Every record has to be written out exactly, with no line missing.
....
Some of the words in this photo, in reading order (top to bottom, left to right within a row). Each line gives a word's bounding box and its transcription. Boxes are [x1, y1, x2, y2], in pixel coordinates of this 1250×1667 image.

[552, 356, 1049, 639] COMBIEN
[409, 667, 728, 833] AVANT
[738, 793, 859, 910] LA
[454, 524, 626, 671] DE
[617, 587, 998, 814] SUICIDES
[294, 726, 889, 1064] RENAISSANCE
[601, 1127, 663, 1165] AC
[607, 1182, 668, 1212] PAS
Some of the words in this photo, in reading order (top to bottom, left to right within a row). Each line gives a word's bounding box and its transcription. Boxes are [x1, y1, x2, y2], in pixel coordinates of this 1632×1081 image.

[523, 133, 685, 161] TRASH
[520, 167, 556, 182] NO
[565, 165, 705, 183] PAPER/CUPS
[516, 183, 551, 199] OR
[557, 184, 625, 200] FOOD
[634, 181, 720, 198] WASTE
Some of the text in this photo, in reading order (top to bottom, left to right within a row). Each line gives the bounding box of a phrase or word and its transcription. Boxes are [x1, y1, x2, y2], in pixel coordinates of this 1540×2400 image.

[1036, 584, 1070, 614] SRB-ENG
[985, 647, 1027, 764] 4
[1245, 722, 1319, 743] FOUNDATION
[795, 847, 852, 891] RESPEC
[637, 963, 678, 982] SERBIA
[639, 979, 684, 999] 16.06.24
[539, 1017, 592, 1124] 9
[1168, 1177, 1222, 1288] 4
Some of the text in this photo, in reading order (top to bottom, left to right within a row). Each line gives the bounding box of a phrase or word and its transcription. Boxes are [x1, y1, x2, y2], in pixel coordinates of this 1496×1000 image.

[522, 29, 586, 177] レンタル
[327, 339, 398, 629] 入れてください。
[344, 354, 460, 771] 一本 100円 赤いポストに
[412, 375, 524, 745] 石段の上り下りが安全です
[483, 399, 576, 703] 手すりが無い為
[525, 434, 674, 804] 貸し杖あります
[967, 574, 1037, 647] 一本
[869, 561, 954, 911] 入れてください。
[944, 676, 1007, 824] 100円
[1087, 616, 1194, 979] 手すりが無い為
....
* _RESPONSE FOR THIS EXERCISE_
Some of the words in this photo, in reading order (top to bottom, left to right within a row). Each line gives a word's bounding box and its transcription. Boxes are [x1, y1, x2, y2], in pixel coordinates of this 1250×1667 image.

[552, 356, 1049, 639] COMBIEN
[409, 667, 728, 833] AVANT
[738, 793, 859, 910] LA
[454, 524, 626, 671] DE
[617, 587, 998, 814] SUICIDES
[294, 726, 889, 1064] RENAISSANCE
[601, 1127, 663, 1165] AC
[607, 1182, 668, 1212] PAS
Some of the words in this photo, in reading order (top to bottom, left to right within a row). Each line gives a word's bounding box and its transcription. Boxes are [x1, y1, x2, y2], in pixel coordinates of this 1632×1081 image.

[523, 133, 685, 161] TRASH
[520, 167, 556, 182] NO
[565, 165, 705, 183] PAPER/CUPS
[516, 183, 551, 199] OR
[557, 184, 625, 200] FOOD
[634, 181, 720, 198] WASTE
Some of the text in this photo, in reading order (top to bottom, left to right within a row). Each line gives the bounding box of a phrase or word and its transcription. Boxes are [x1, y1, x2, y2], in pixel coordinates of this 1540×2400 image.

[1036, 584, 1070, 614] SRB-ENG
[985, 647, 1027, 764] 4
[1245, 722, 1319, 743] FOUNDATION
[795, 847, 852, 891] RESPEC
[637, 963, 678, 982] SERBIA
[639, 979, 684, 999] 16.06.24
[539, 1017, 592, 1124] 9
[1168, 1177, 1222, 1288] 4
Some of the text in this photo, in reading order (top to bottom, left to right within a row). Each line gives the bounding box of a phrase or word and its transcription. Boxes are [x1, y1, x2, y2], in pixel coordinates of this 1496×1000 image.

[522, 29, 586, 177] レンタル
[327, 339, 398, 629] 入れてください。
[344, 354, 460, 771] 一本 100円 赤いポストに
[412, 375, 524, 745] 石段の上り下りが安全です
[483, 399, 576, 703] 手すりが無い為
[525, 434, 674, 804] 貸し杖あります
[967, 574, 1037, 647] 一本
[869, 561, 954, 911] 入れてください。
[944, 676, 1007, 824] 100円
[1087, 616, 1194, 979] 手すりが無い為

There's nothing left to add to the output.